Our bodies were never made to eat so many carbs, and we are seeing the effect with our diabetes and obesity rates.
So, how much carbohydrate should we be eating? I am not going to give a cut and dried answer as there are genetic and activity differences between all of us – but, most ancestral eating plans talk to eating about 30 – 60 g of carbohydrates per day if you want to lose weight. If you wish to maintain weight – then you should strive for 100 – 150 g. per day. These are generally in the form of vegetables and fruit. The model I like to use (and trained on) is the following:
As I mentioned in previous posts – lower levels of carbohydrates keep your insulin in check and help burn more body fat. Lower levels of carbohydrate also keep inflammation down as well.
So, what does this mean?
Well, let’s look at a list of common foods we eat in a typical Western diet. This does not include snacks or sodas. The Calorie count looks reasonable – well below what a woman who is trying to lose weight should eat – but, yet we aren’t. The carbohydrate curve above would suggest why. All that energy is being taken right to the fat cells and is not allowed to be burned off.

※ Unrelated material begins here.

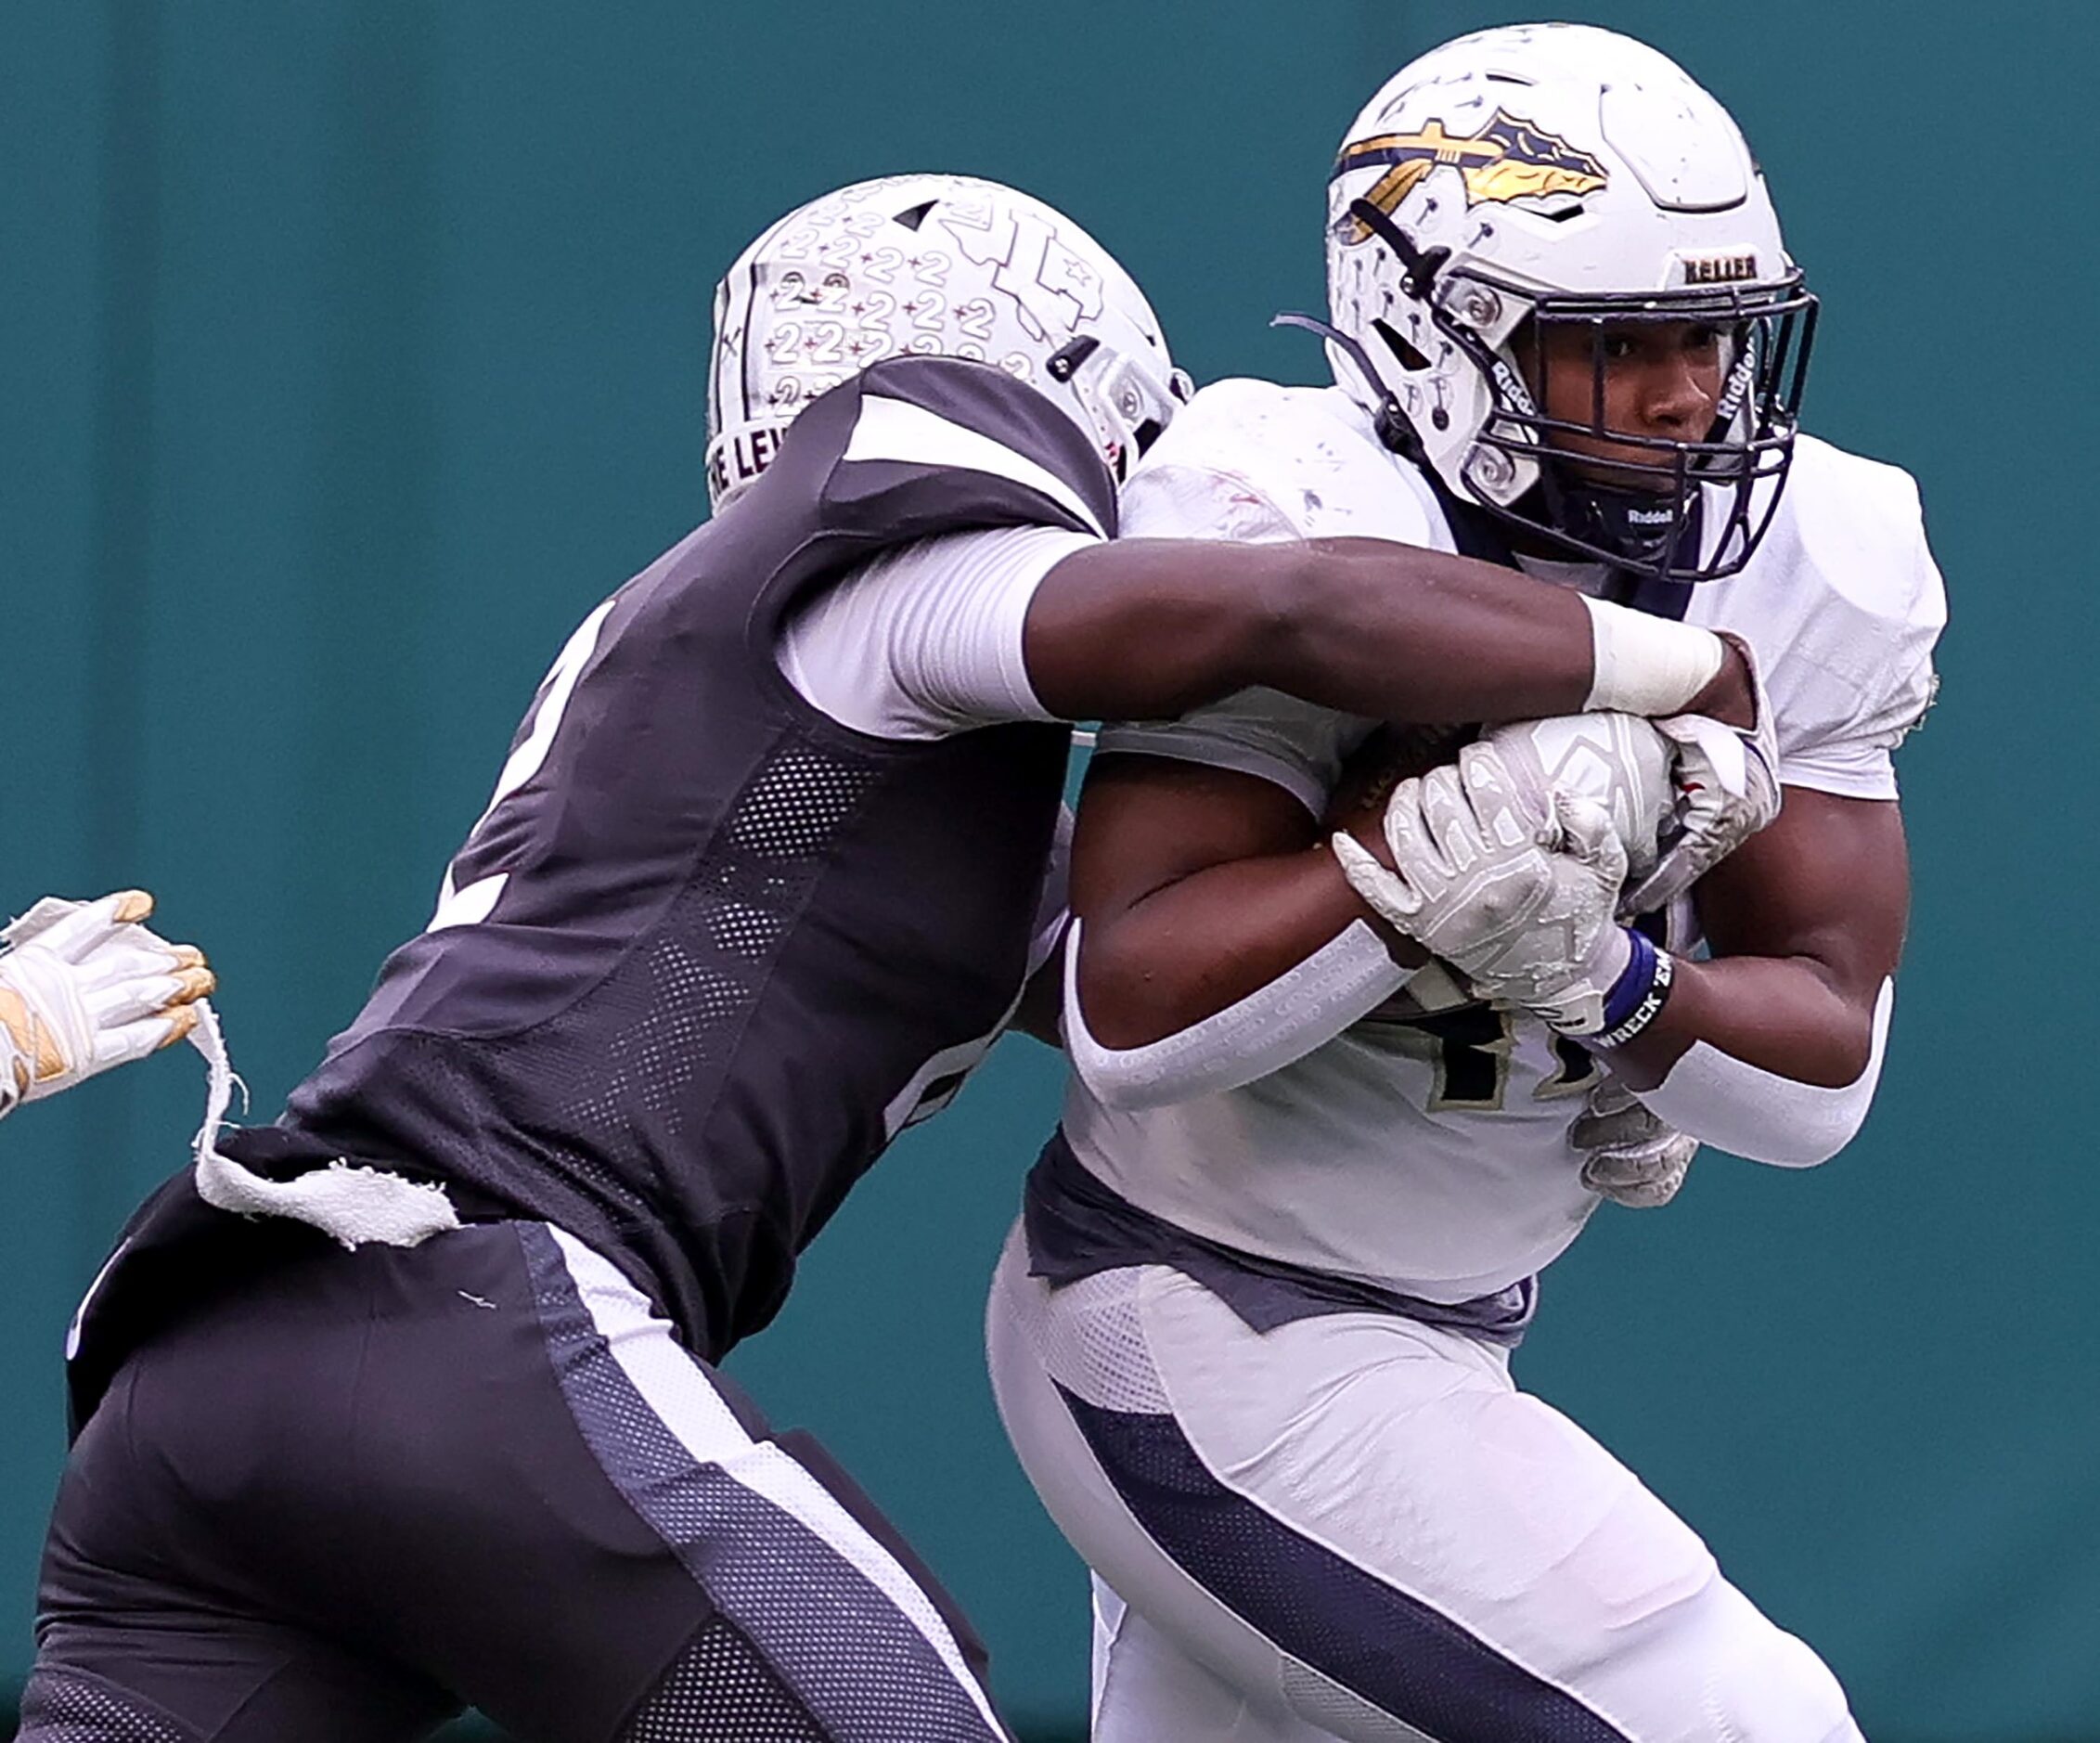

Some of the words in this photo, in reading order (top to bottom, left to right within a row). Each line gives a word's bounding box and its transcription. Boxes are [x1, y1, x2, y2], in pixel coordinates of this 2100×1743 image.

[1683, 255, 1757, 284] KELLER
[1628, 509, 1674, 524] Riddell
[1592, 992, 1663, 1049] WRECK

|Breakfast||Serving Size||Carbs (g)||Calories|
|Cereal, Bran Flakes||1 serving||23.7||95|
|Milk, 1 %||1/2 cup||6.1||52|
|Toast (two slices)||2 slices||27.4||162|
|Orange Juice||1 cup||28.7||122|
|Sandwich||2 slices bread||27.4||162|
|Potato Chips||1 bag||15||149|
|Oatmeal Cookie||1 cookie||17.2||112|
|Whole Grain Pasta||1 cup||24.9||131|
|Store Bought Marinara Sauce||1/2 cup||9.9||65|
|Grated Parmesan Cheese||2 Tbsp.||1.7||42|
|Tossed Salad||1 cup||2.1||10|
|Italian Bread||2 slices||10||54|
|Low-Fat Salad Dressing||2 Tbsp.||19.6||56|
So, let look at an alternate.
- Proteins contain no carbs per serving.
- Fats contain no carbs per serving.
- Low sugar fruits contain (blueberries, strawberries, blackberries) contain about 10 g. per serving (so, use some caution here).
- Green, leafy vegetables contain 2.5 to 3 g per serving.
- Cruciferous vegetables contain 2.5 to 5 g per serving and cooking method.
- Other vegetables (such as zucchini and summer squash) have 3.5 to 4 g per serving
- Parsnips and carrots have 10 to 13 g per serving
- Sweet potatoes, apples and pears have 23 to 25 g per serving
So, let’s be cautious about the low-fat foods we put in our mouths. They increase our hunger and add the pounds.